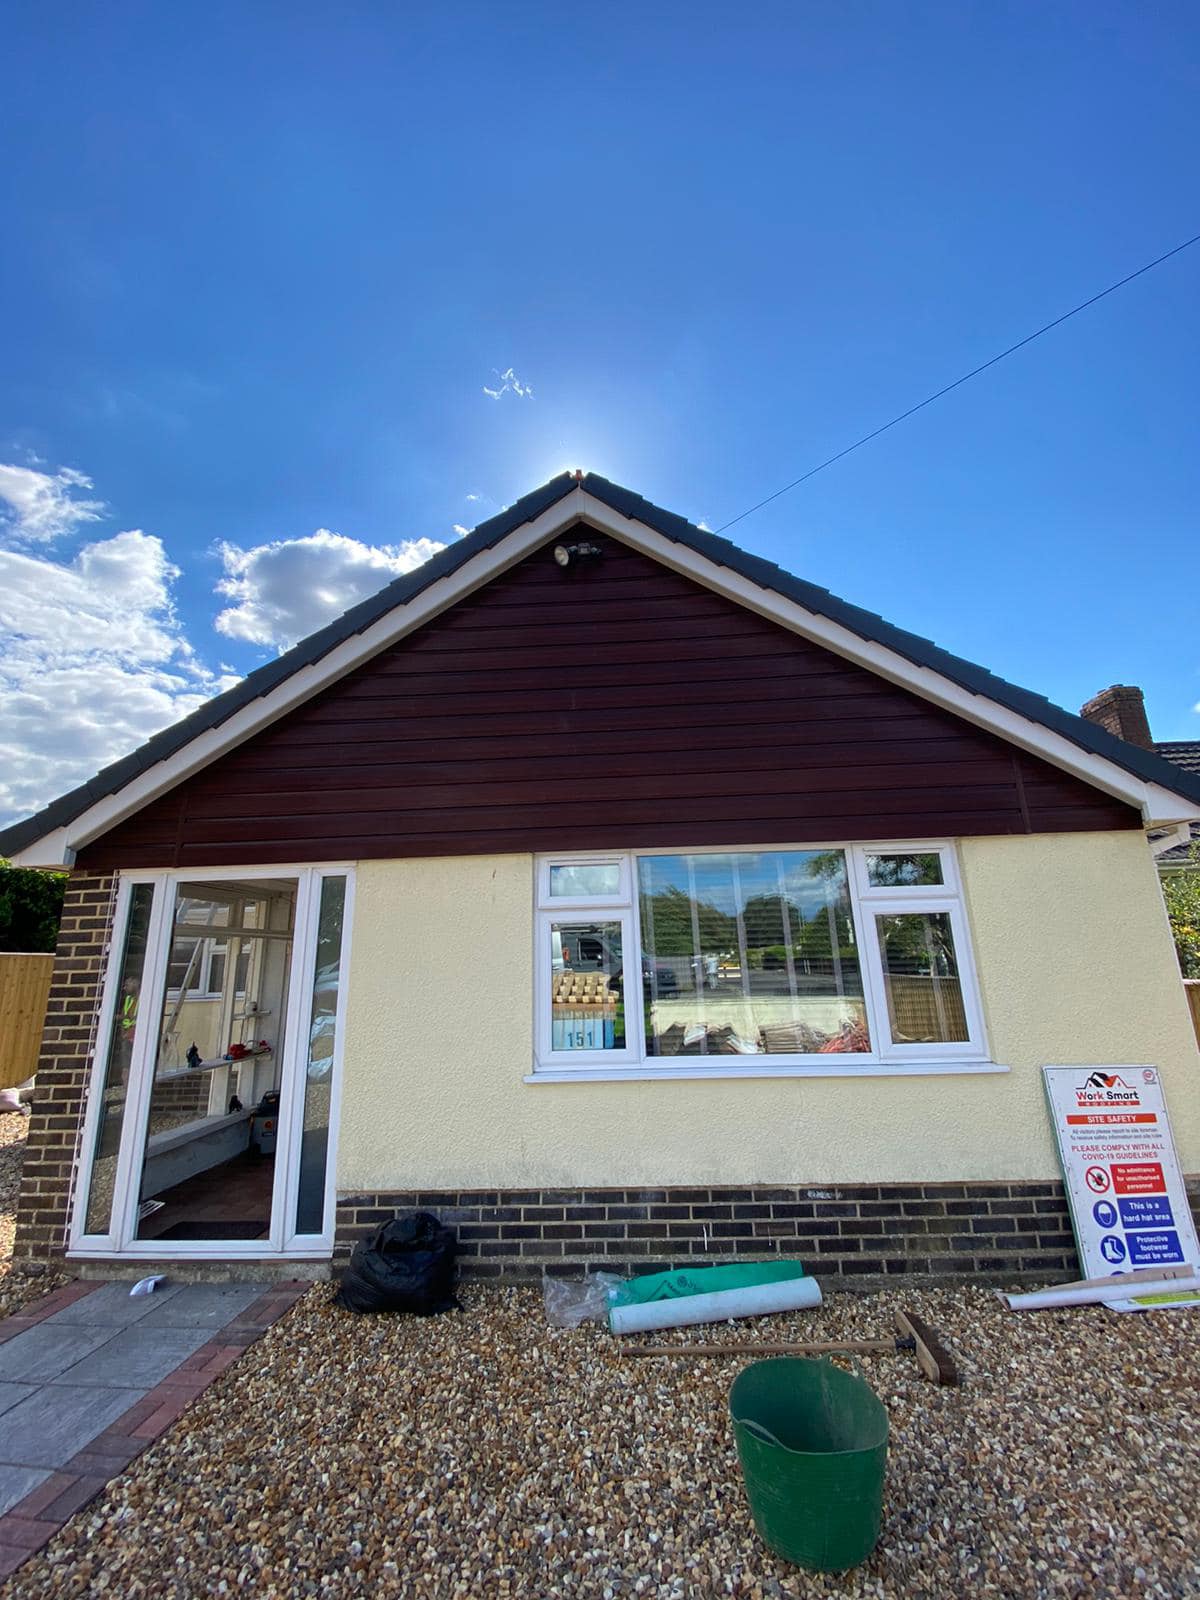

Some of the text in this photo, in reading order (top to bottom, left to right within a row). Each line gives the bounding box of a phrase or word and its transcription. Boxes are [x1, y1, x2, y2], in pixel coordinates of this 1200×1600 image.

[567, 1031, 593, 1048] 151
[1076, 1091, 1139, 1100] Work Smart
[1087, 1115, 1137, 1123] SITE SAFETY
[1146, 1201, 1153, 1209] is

#####

What the task requires:
Repeat each line of the material exactly, please, and skip every picture.

The answer:
Some of the text in this photo, in reading order (top to bottom, left to right within a row). Each line gives the bounding box of a phrase or word and its transcription. Boxes are [x1, y1, x2, y2], in pixel coordinates of this 1200×1600 image.

[567, 1031, 593, 1048] 151
[1076, 1091, 1139, 1100] Work Smart
[1087, 1115, 1137, 1123] SITE SAFETY
[1146, 1201, 1153, 1209] is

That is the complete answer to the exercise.